This is a linkpost for https://docs.google.com/document/d/1NIg4OnQyhWGR01fMVTcxpz8jDd68JdDIyQb0ZZyB-go/edit?usp=sharing

If you are interested in working on AI alignment, and might do full or part time work given funding, consider submitting a short application to funding@ai-alignment.com.

Submitting an application is intended to be very cheap. In order to keep the evaluations cheap as well, my process is not going to be particularly fair and will focus on stuff that I can understand easily. I may have a follow-up discussion before making a decision, and I'll try not to favor applications that took more effort.

As long as you won't be offended by a cursory rejection, I encourage you to apply.

If there are features of this funding that make it unattractive, but there are other funding structures that could potentially cause you to work on AI alignment, I'm curious about that as well. Feel free to leave a comment or send an email to funding@ai-alignment.com (I probably won't respond, but it may influence my decisions in the future).

Moderation Guidelines: Easy Going - I just delete obvious spam and trolling.expand_more

Note that this is (by far) the least incentive-skewing from all (publicly advertised) funding channels that I know of.

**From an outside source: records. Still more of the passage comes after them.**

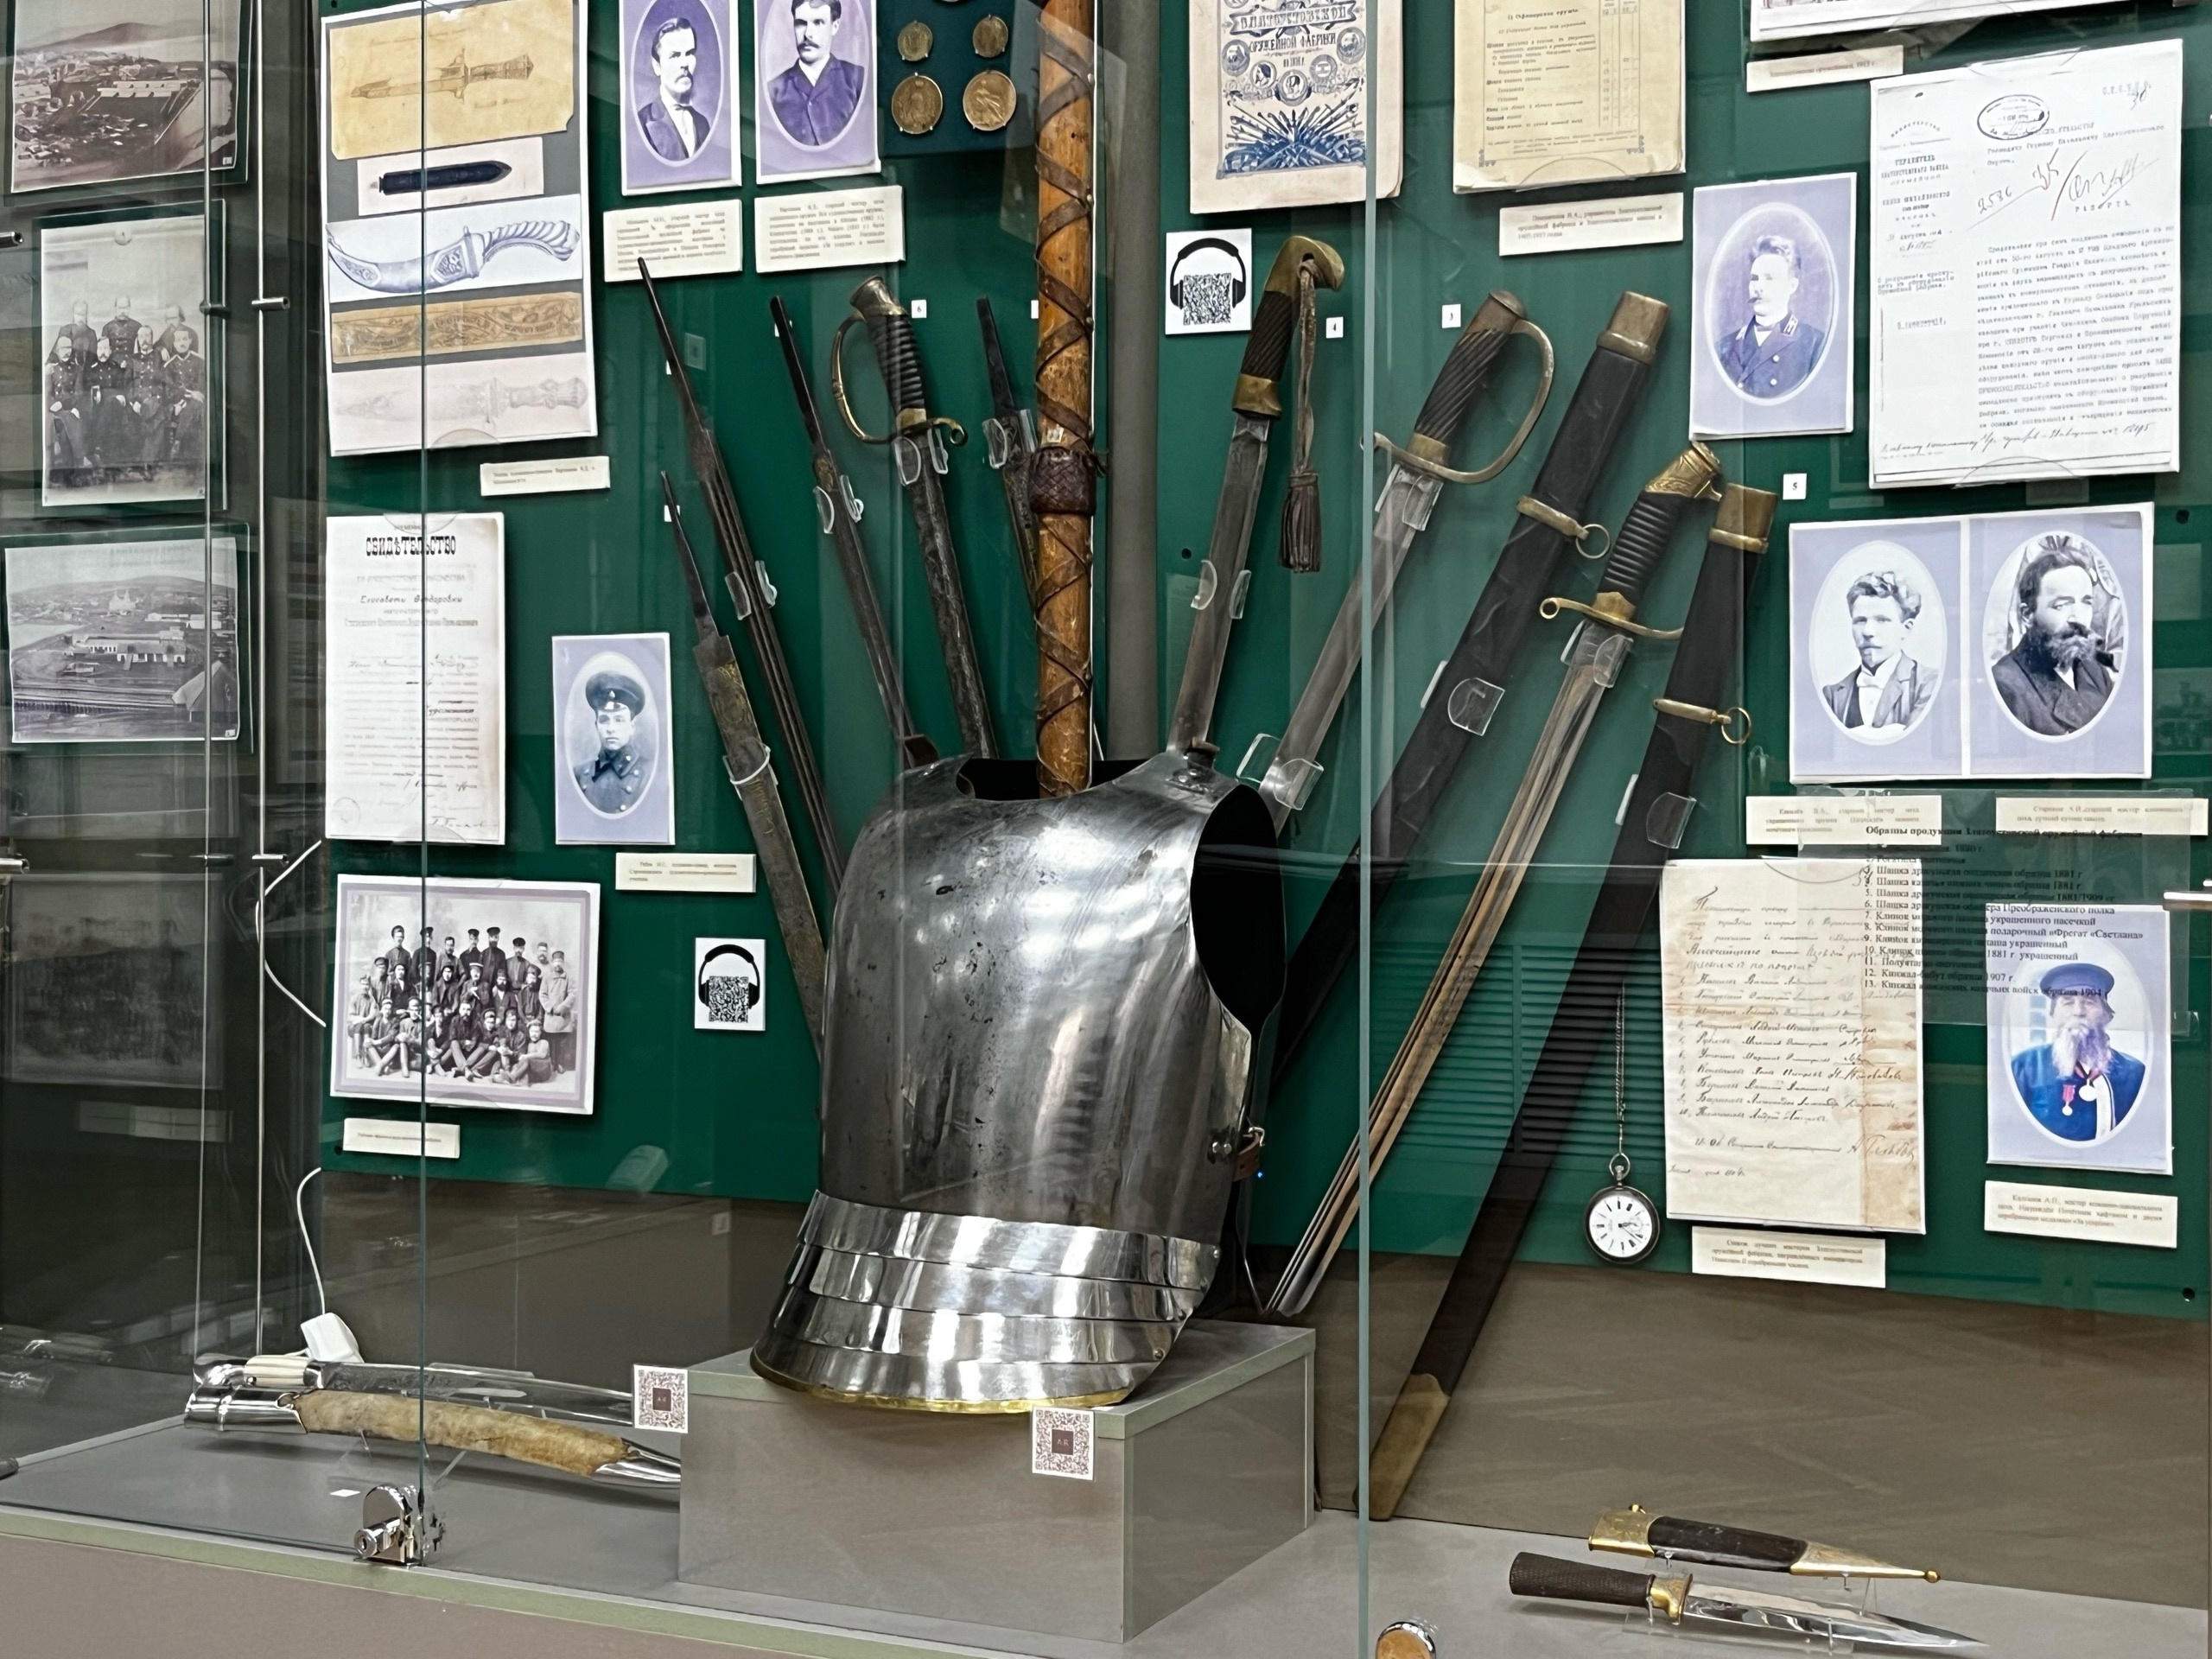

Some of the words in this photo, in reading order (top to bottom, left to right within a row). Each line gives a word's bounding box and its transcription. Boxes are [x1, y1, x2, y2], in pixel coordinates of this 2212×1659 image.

[1791, 481, 1798, 491] 5
[1877, 866, 1909, 875] Шашка
[1877, 877, 1909, 887] Шашка
[1865, 888, 1873, 898] 5.
[1876, 889, 1909, 899] Шашка
[1864, 899, 1872, 908] 6.
[1876, 899, 1909, 909] Шашка
[2088, 906, 2115, 915] полка
[1875, 912, 1910, 921] Клинок
[1990, 916, 2051, 926] украшенного
[2053, 917, 2096, 926] насечкой
[1864, 924, 1872, 932] 8.
[1875, 924, 1910, 933] Клинок
[1990, 928, 2047, 938] подарочный
[2049, 928, 2088, 938] «Фрегат
[2089, 930, 2143, 940] «Светлана»
[1875, 934, 1909, 944] Клинок
[2008, 940, 2069, 950] украшенный
[1864, 945, 1876, 954] 10.
[1878, 946, 1914, 957] Клинок
[1987, 950, 2007, 958] 1881
[2019, 951, 2079, 961] украшенный
[1864, 969, 1876, 977] 12.
[1864, 981, 1876, 989] 13.
[1881, 981, 1916, 990] Кинжал
[2012, 986, 2039, 996] войск

Apply especially if all of 1), 2) and 3) hold:

1) you want to solve AI alignment

2) you think your cognition is pwned by Moloch

3) but you wish it wasn't

Maybe it'd be useful to make a list of all the publicly advertised funding channels? Other ones I know of:

  • http://existence.org/getting-support/
  • https://futureoflife.org/2017/12/20/2018-international-ai-safety-grants-competition/
  • https://www.lesserwrong.com/posts/4WbNGQMvuFtY3So7s/announcement-ai-alignment-prize-winners-and-next-round
  • https://intelligence.org/mirix/
  • https://www.openphilanthropy.org/focus/global-catastrophic-risks/potential-risks-advanced-artificial-intelligence/open-philanthropy-project-ai-fellows-program

I noticed your comment and created this website that lists funding channels for AI alignment research. I am planning to create a new post on LW to share it after I receive some feedback.

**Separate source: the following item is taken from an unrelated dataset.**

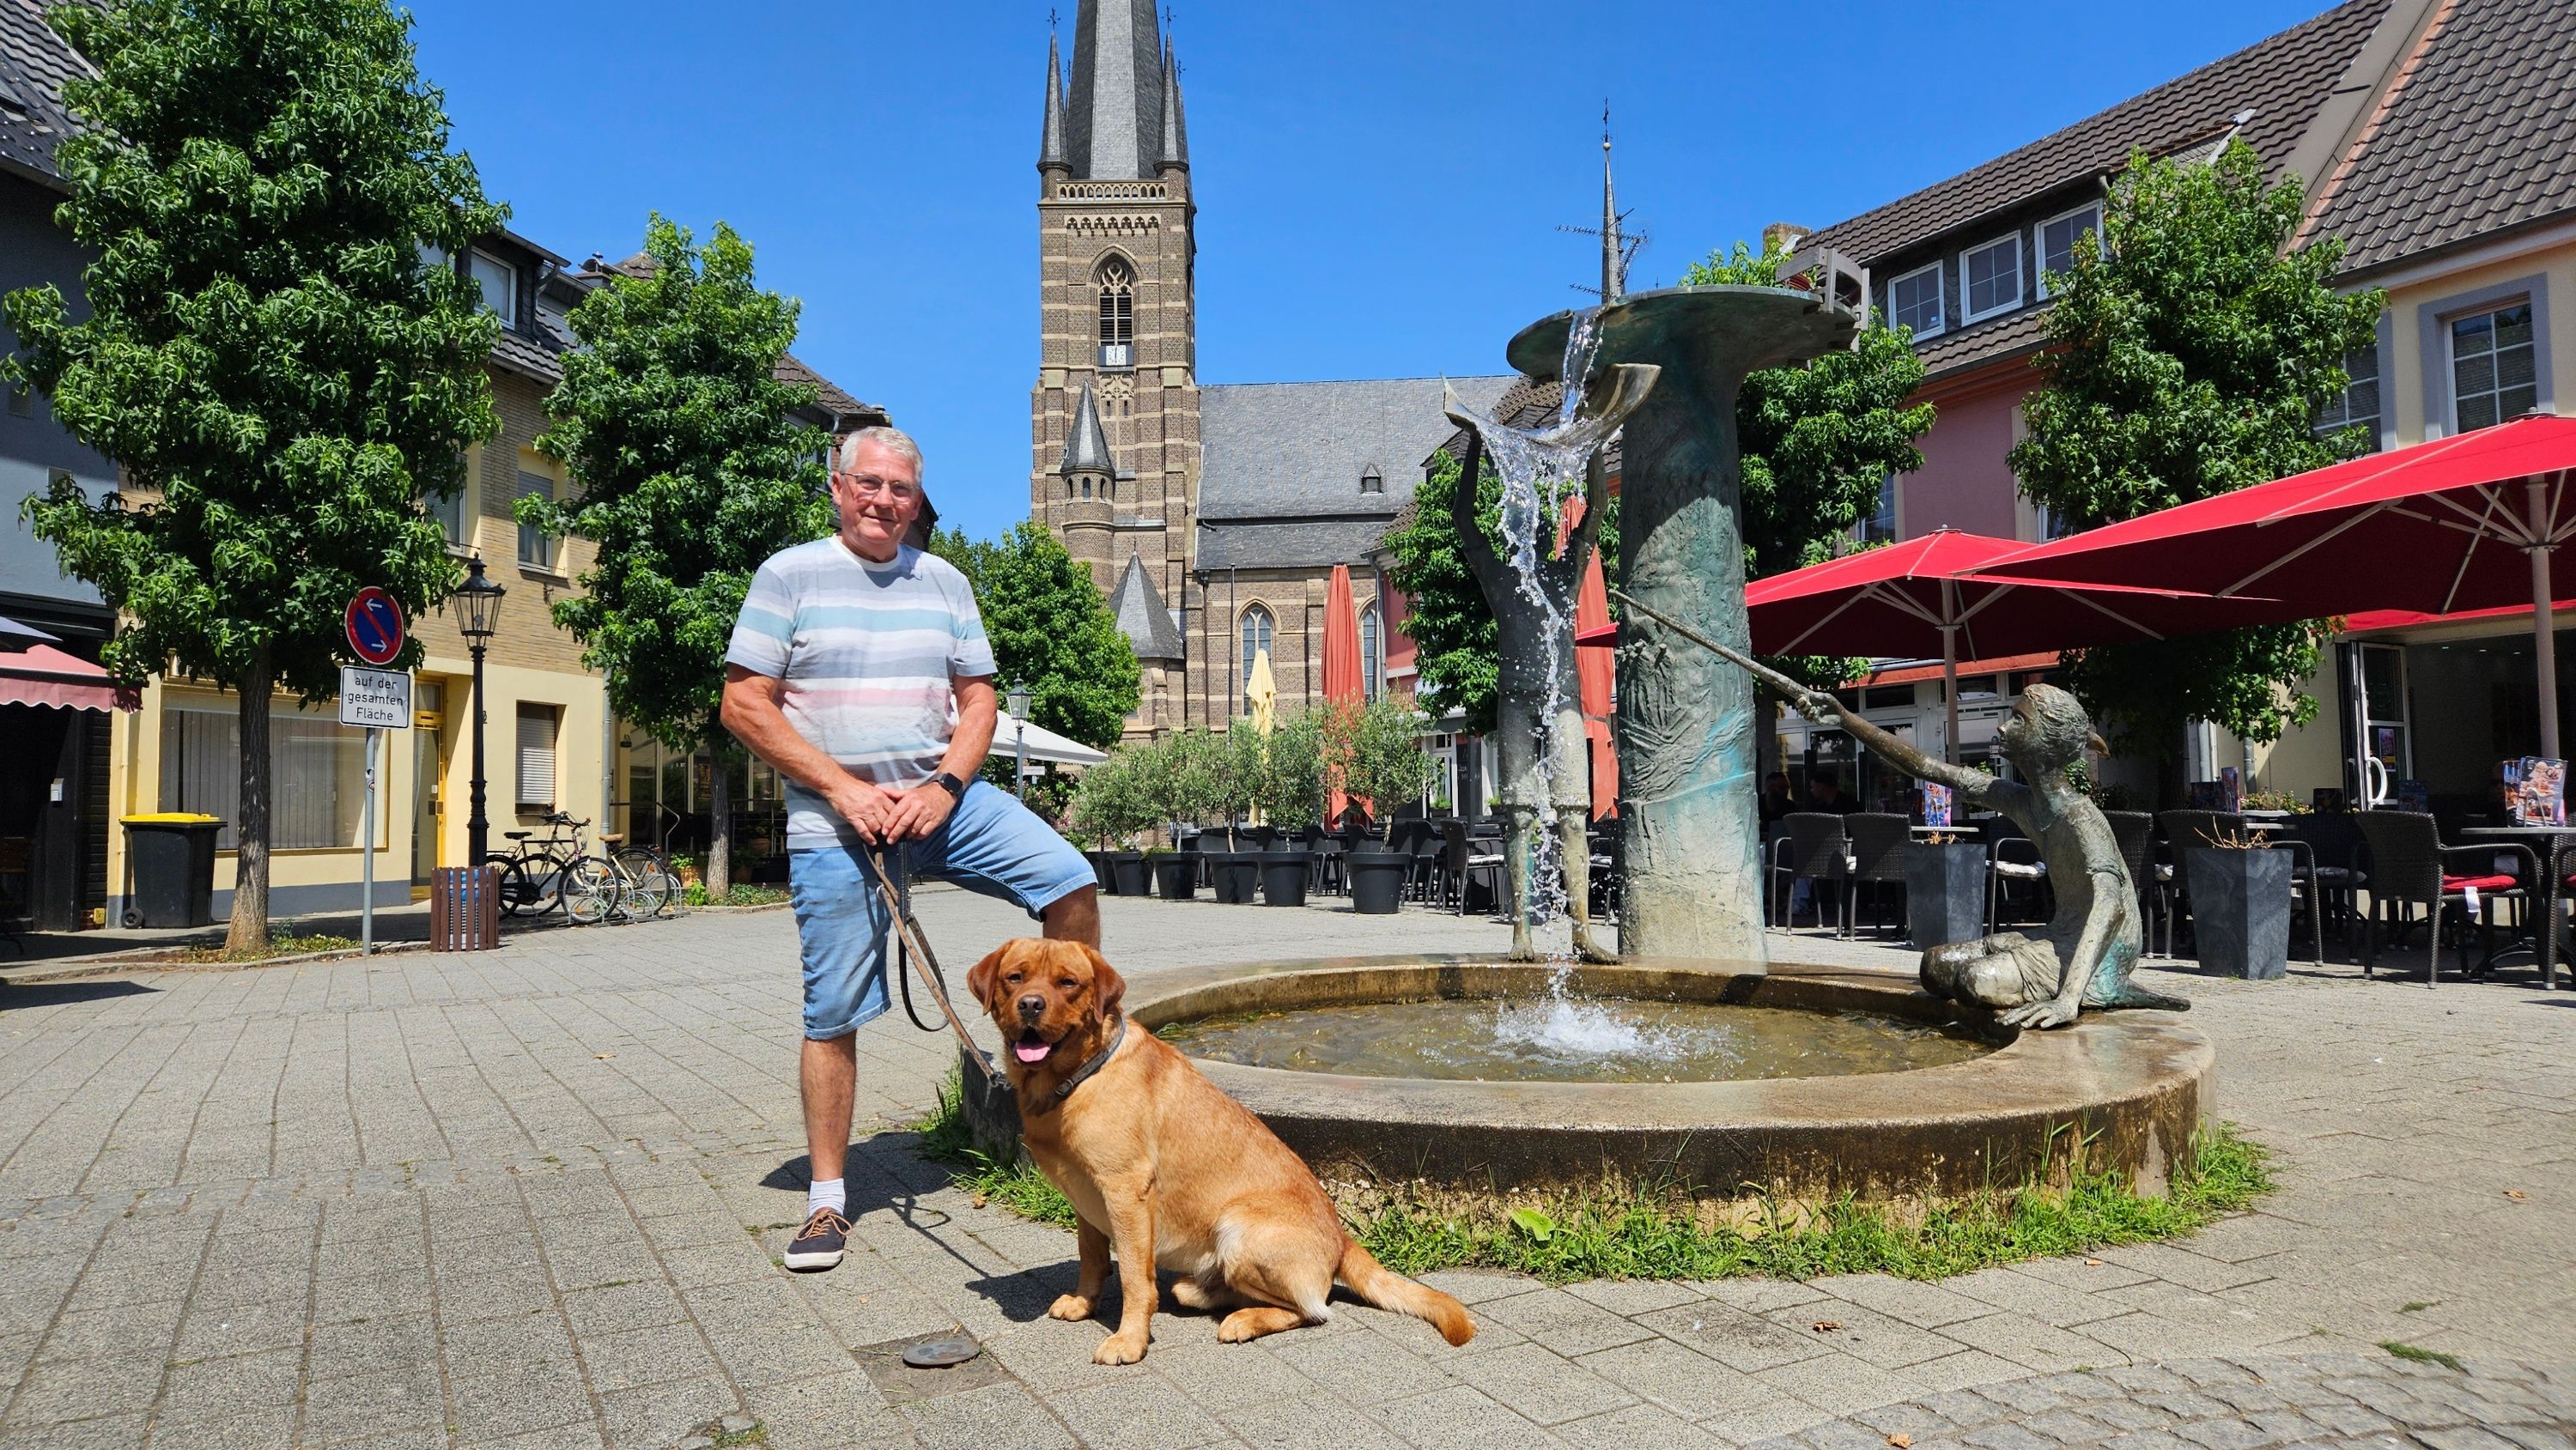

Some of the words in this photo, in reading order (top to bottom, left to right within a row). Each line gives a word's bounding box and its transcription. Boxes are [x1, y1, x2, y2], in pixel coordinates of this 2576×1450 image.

Interesting idea! Some thoughts: You might want to think a bit more about who your target audience is. Given that applying for a job at MIRI/FHI/etc. is always another option, it's not totally clear to me to what extent "x risk funding" a natural category. One possible target audience is e.g. graduate students who are looking for research funding. One possible risk of engaging this audience people have talked about is that they might be more interested in optimizing their own career growth than actually solving x-risk-related problems. I'm not sure how worried to be about that. Another possible target audience is people who don't want to move to the Bay Area/Oxford/etc. Once you know who your target audience is, that makes marketing easier because you can market your site wherever that target audience hangs out. It might be that the most natural target audience is "people with math/CS expertise who are interested in working on the alignment problem", in which case you could expand your scope and also list things like open positions at MIRI, the AI safety reading group, lists of open problems, recent publications, etc.

This is great feedback! Thanks for taking the time to write it up.

One possible target audience is e.g. graduate students who are looking for research funding. One possible risk of engaging this audience people have talked about is that they might be more interested in optimizing their own career growth than actually solving x-risk-related problems. I'm not sure how worried to be about that.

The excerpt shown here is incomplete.